**What is expected:** Repeat every record below exactly, omitting any pictures.

**Excerpted data:**
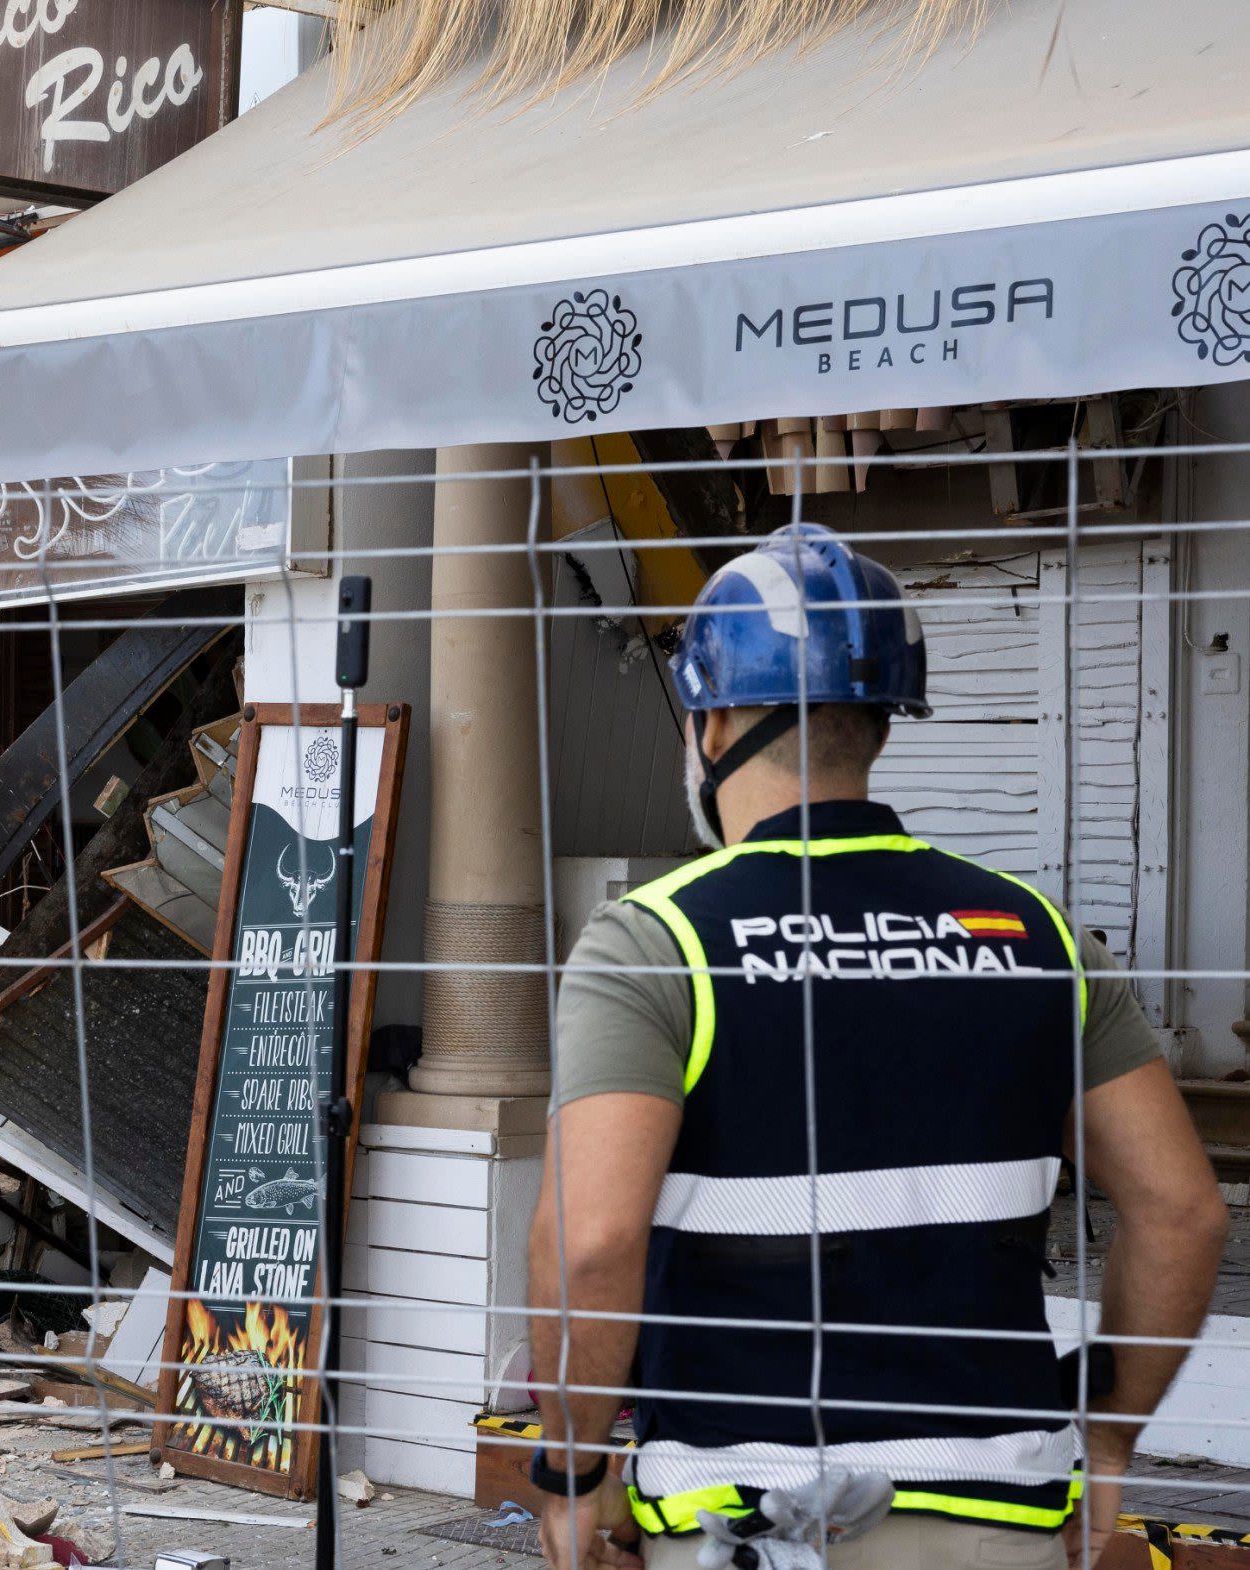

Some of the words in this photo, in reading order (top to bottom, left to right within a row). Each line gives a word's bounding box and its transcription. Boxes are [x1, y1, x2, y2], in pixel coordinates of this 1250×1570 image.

[26, 43, 204, 173] Rico
[735, 278, 1054, 352] MEDUSA
[817, 339, 959, 374] BEACH
[280, 786, 342, 800] MEDUS
[284, 800, 317, 808] BECH
[321, 801, 340, 809] CLU
[238, 929, 283, 983] BBQ
[292, 928, 338, 977] GRIL
[740, 944, 1043, 985] NACIONAL
[252, 989, 329, 1024] FILETSTEAK
[241, 1078, 285, 1111] SPARE
[286, 1078, 317, 1111] RIBS
[234, 1122, 276, 1155] MIXED
[277, 1122, 309, 1155] GRILL
[214, 1174, 246, 1202] AND
[225, 1226, 291, 1261] GRILLED
[293, 1228, 317, 1262] ON
[198, 1259, 244, 1300] LAVA
[251, 1262, 311, 1303] STONE
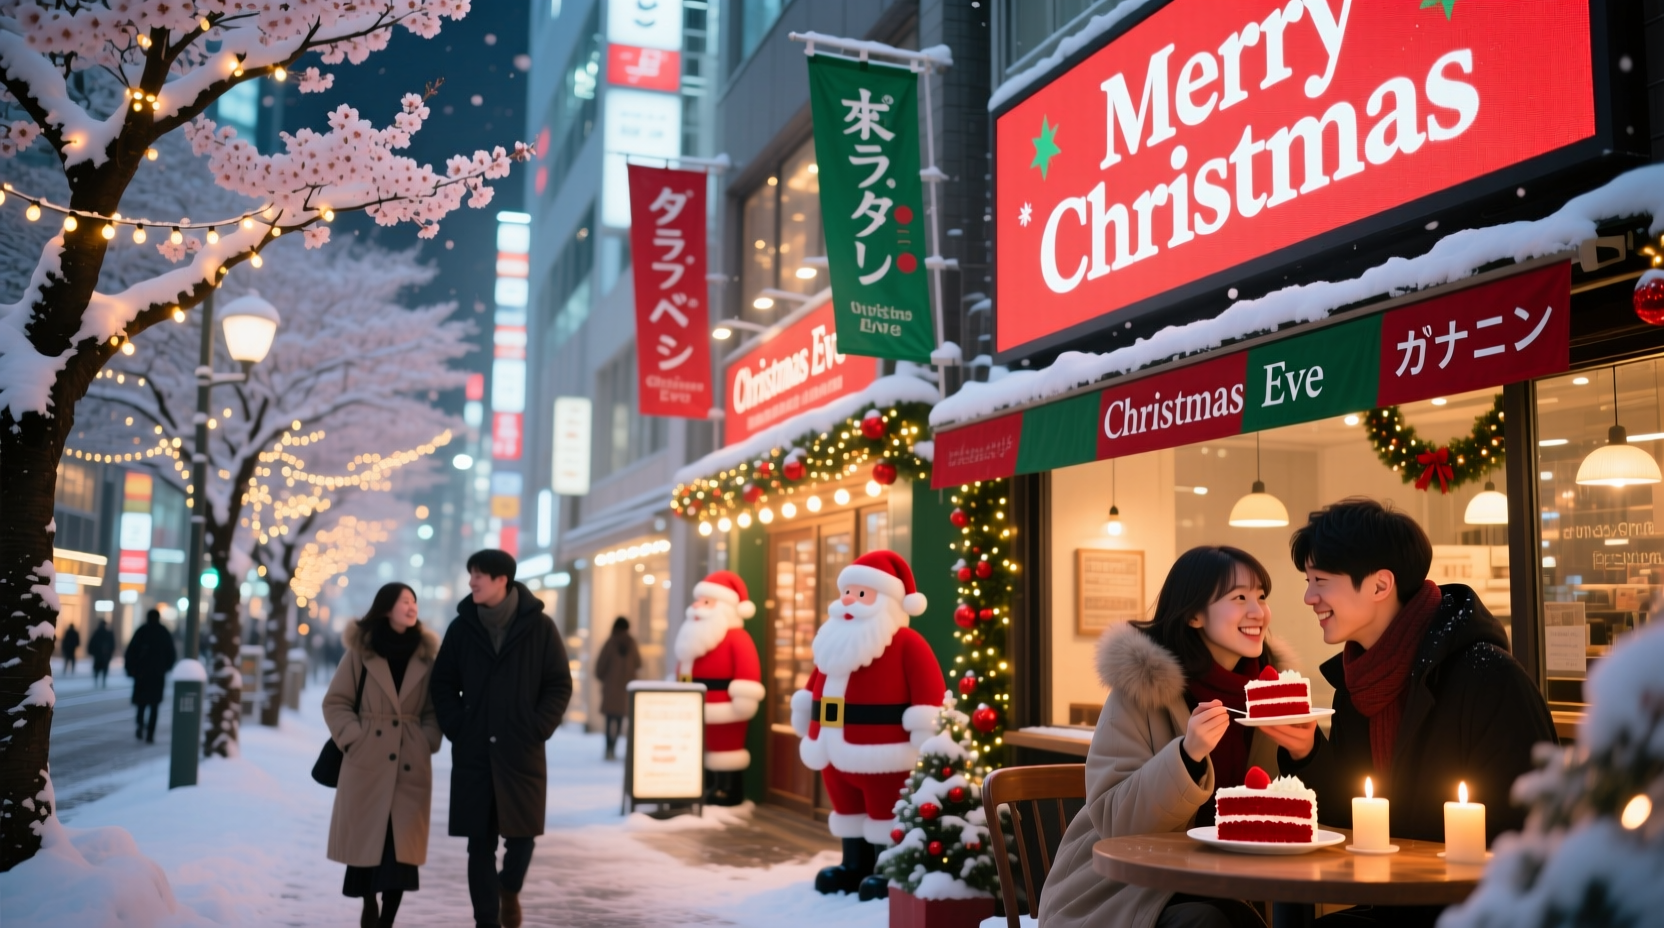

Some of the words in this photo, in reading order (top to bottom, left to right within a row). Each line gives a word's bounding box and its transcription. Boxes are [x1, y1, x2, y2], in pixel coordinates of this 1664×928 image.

**Response to the exercise:**
Some of the words in this photo, in reading order (top to bottom, left to right within a row). Each line gives a word's bounding box and its transcription. Boxes are [x1, y1, x2, y2], in pixel coordinates of this 1250×1570 image.

[26, 43, 204, 173] Rico
[735, 278, 1054, 352] MEDUSA
[817, 339, 959, 374] BEACH
[280, 786, 342, 800] MEDUS
[284, 800, 317, 808] BECH
[321, 801, 340, 809] CLU
[238, 929, 283, 983] BBQ
[292, 928, 338, 977] GRIL
[740, 944, 1043, 985] NACIONAL
[252, 989, 329, 1024] FILETSTEAK
[241, 1078, 285, 1111] SPARE
[286, 1078, 317, 1111] RIBS
[234, 1122, 276, 1155] MIXED
[277, 1122, 309, 1155] GRILL
[214, 1174, 246, 1202] AND
[225, 1226, 291, 1261] GRILLED
[293, 1228, 317, 1262] ON
[198, 1259, 244, 1300] LAVA
[251, 1262, 311, 1303] STONE

Some of the words in this photo, in reading order (top to bottom, left to right within a row). Each line gives a word's bounding box and its transcription. Boxes are [x1, y1, x2, y2], in pixel coordinates of this 1664×928 image.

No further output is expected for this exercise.